THE PROBLEM: Every line of the listing that follows must be written out unchanged.

SUPPLIED RECORDS:
####################

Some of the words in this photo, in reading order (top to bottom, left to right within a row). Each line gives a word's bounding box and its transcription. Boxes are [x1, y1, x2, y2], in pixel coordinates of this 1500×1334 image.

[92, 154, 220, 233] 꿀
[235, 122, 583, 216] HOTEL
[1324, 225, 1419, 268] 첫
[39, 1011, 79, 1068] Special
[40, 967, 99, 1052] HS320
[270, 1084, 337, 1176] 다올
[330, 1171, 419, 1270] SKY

####################

WRITTEN RESPONSE:
Some of the words in this photo, in reading order (top to bottom, left to right within a row). Each line gives a word's bounding box and its transcription. Boxes are [x1, y1, x2, y2], in pixel coordinates of this 1500×1334 image.

[92, 154, 220, 233] 꿀
[235, 122, 583, 216] HOTEL
[1324, 225, 1419, 268] 첫
[39, 1011, 79, 1068] Special
[40, 967, 99, 1052] HS320
[270, 1084, 337, 1176] 다올
[330, 1171, 419, 1270] SKY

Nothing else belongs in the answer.